Daniel wiped his brow. “It’s ninety-one, maybe ninety-two degrees… did anyone pack a thermometer?”
“You can use my hand for shade, Cassie,” Wendi offered, then frowned. “Wait, then I’d have to carry you, but I’m carrying Daniel, so you’d have to take turns shading each other?”
“No, I want to fly,” Cassie said as she twirled in the air. “I’ve got it! I’ll make a nighttime illusion. That’ll cool us off.”
“Rana’s Guide: Rule Two, no active magic,” Lea recited.
“Also,” the frog girl added, “Shew Stone illusions don’t block UV radiation—”
“—There’s no way you can know that!” Kenta challenged. “Did the frogs do a peer-reviewed study? What published literature are you citing?”

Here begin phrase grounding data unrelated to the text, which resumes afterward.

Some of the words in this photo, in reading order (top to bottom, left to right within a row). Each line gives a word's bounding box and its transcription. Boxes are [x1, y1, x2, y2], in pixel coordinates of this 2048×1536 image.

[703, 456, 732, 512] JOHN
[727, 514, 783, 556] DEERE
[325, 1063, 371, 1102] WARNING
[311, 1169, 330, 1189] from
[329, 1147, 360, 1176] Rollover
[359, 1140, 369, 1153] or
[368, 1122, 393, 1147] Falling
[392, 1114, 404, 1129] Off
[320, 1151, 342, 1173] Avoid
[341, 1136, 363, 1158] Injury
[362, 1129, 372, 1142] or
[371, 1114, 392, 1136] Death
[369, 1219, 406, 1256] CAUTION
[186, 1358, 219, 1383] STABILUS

Daniel’s gaze bore into the frog girl as if expecting to hear tales of an illustrious Batrachian scientific institute.
Rana scowled at the Kaminoke. “True, I don’t know that. It’s a conclusion I came to from secondhand experience. However, I do know Nightshade illusions manipulate perception, not light. More importantly, Cassie, I can apply sunscreen if you need help.”
“Interesting,” Daniel considered. “So it doesn’t fool radar or cameras…” That explained how the others watched TV in their cells at the Facility without being caught. The young man continued mumbling theories to himself as they walked.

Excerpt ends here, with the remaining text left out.